For everyday users, this matches the release of Chrome 149, which introduces a neat feature called “Select from screen.” You can find it right inside the browser’s attachment menu. Once you click it, it highlights your active tab and lets you drag a box over any image or text to drop it instantly into your Gemini prompt. It is a quick, effortless way to ask questions about whatever you are looking at online.
Google Gemini 3.5 Flash becomes an AI that clicks and scrolls
While the Chrome update is a great quality-of-life tweak, the developer side is where things get interesting. Google officially integrated the Computer Use tool into the main Flash model pipeline, replacing the older Gemini 2.5 testing framework.
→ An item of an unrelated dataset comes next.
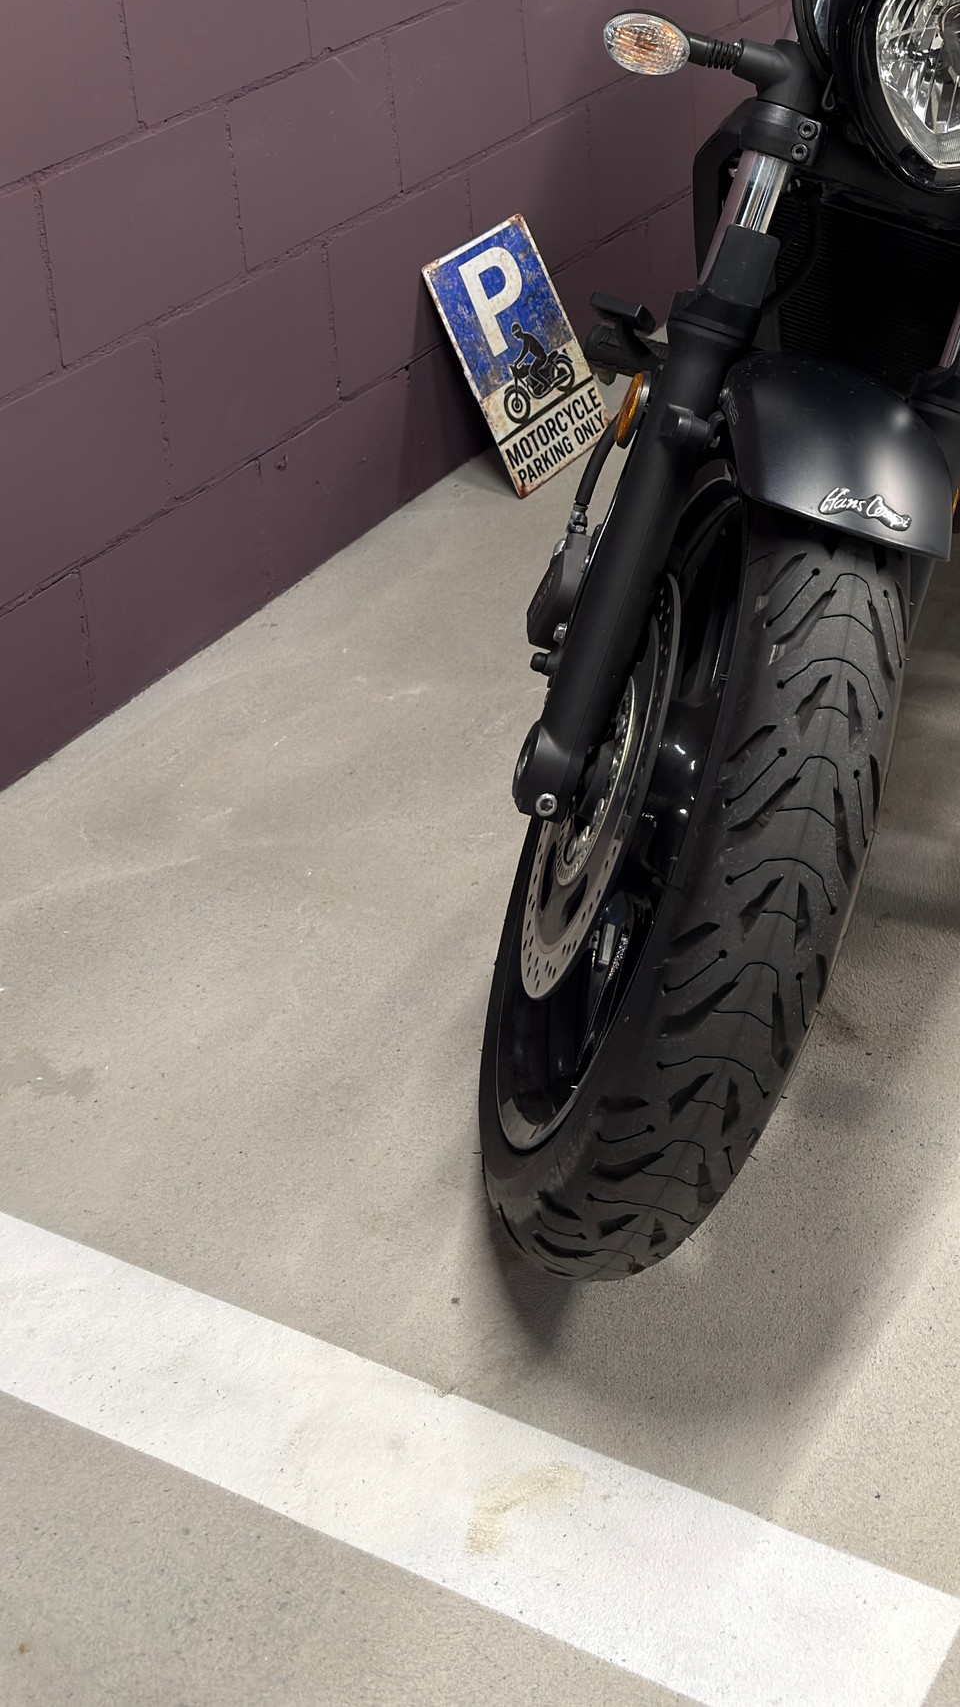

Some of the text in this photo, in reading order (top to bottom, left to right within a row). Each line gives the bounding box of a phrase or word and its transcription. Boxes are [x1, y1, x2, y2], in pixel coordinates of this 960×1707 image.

[458, 246, 522, 356] P
[505, 387, 602, 470] MOTORCYCLE
[517, 411, 605, 487] PARKING ONLY
[819, 487, 867, 513] Hans
This means AI agents can now perceive and interact with software interfaces just like a human would, relying on screenshots and visual understanding rather than deep, rigid coding.
This opens many possibilities for office automation and software testing. Developers can now build custom agents that navigate websites, fill out long forms, click buttons, and handle repetitive data collection across desktop, mobile, and browser environments. To speed things up, Google opened a live demo space hosted by Browserbase, letting creators test these capabilities right away through the Gemini Enterprise Agent Platform.
Keeping the desktop safe
Giving an AI control over a mouse and keyboard naturally brings up safety questions. If an agent lands on a sketchy website with hidden text commands, it could trigger actions you did not intend. Google addressed this directly, noting that they used targeted adversarial training to protect the model against indirect prompt injections.
On top of that, they launched two enterprise safety systems. Companies can set up the software to require explicit human approval before the AI makes any sensitive or permanent changes. The system can also automatically freeze active tasks the moment it spots an incoming prompt attack. This way, Google aims to deliver a tool that handles real work without putting your desktop at risk.